» TASK TO CARRY OUT:
Please reproduce all entries word for word, leaving every image behind.
[DATASET ENTRIES — start]
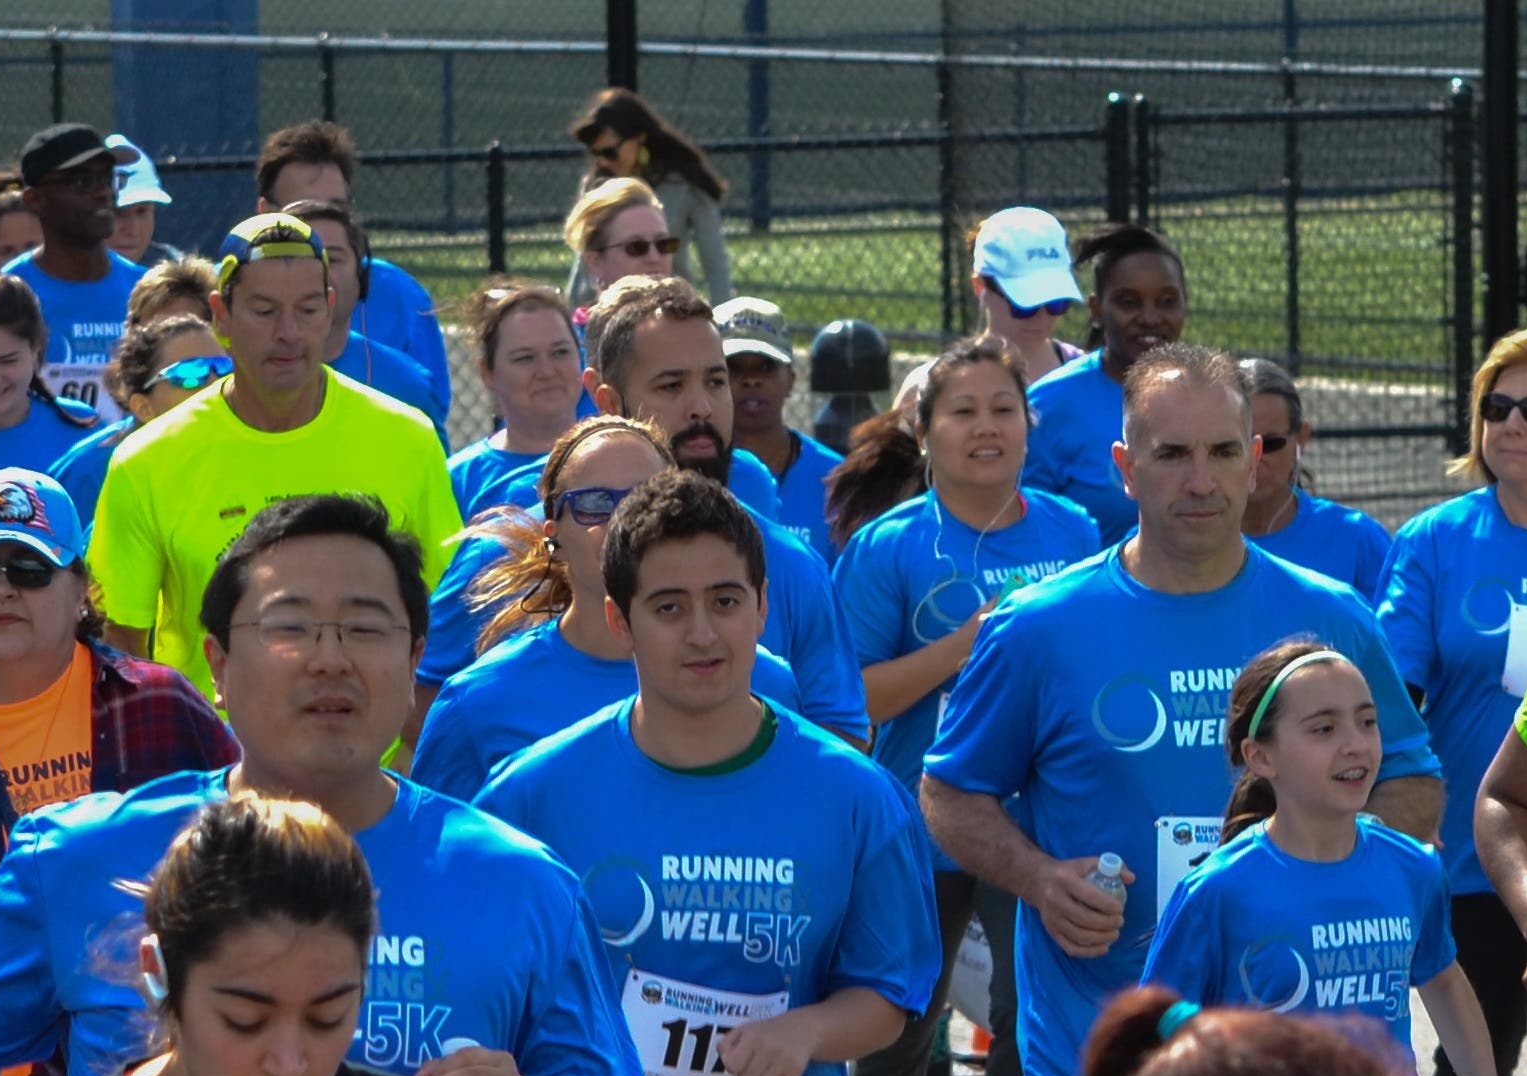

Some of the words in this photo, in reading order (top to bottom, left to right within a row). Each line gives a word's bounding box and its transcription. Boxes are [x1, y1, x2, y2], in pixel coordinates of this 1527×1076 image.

[1026, 246, 1060, 260] FILA
[73, 323, 126, 338] RUNNI
[1170, 667, 1241, 693] RUNN
[1, 751, 92, 787] RUNNIN
[661, 854, 794, 885] RUNNING
[661, 882, 793, 911] WALKING
[661, 910, 743, 944] WELL
[743, 912, 812, 967] 5K
[1311, 916, 1412, 949] RUNNING
[665, 987, 713, 1006] RUNNING
[714, 1000, 750, 1017] WELL
[1315, 973, 1385, 1008] WELL
[365, 1001, 452, 1067] 5K
[DATASET ENTRIES — finish]
» ANSWER:
Some of the words in this photo, in reading order (top to bottom, left to right within a row). Each line gives a word's bounding box and its transcription. Boxes are [x1, y1, x2, y2], in pixel coordinates of this 1527×1076 image.

[1026, 246, 1060, 260] FILA
[73, 323, 126, 338] RUNNI
[1170, 667, 1241, 693] RUNN
[1, 751, 92, 787] RUNNIN
[661, 854, 794, 885] RUNNING
[661, 882, 793, 911] WALKING
[661, 910, 743, 944] WELL
[743, 912, 812, 967] 5K
[1311, 916, 1412, 949] RUNNING
[665, 987, 713, 1006] RUNNING
[714, 1000, 750, 1017] WELL
[1315, 973, 1385, 1008] WELL
[365, 1001, 452, 1067] 5K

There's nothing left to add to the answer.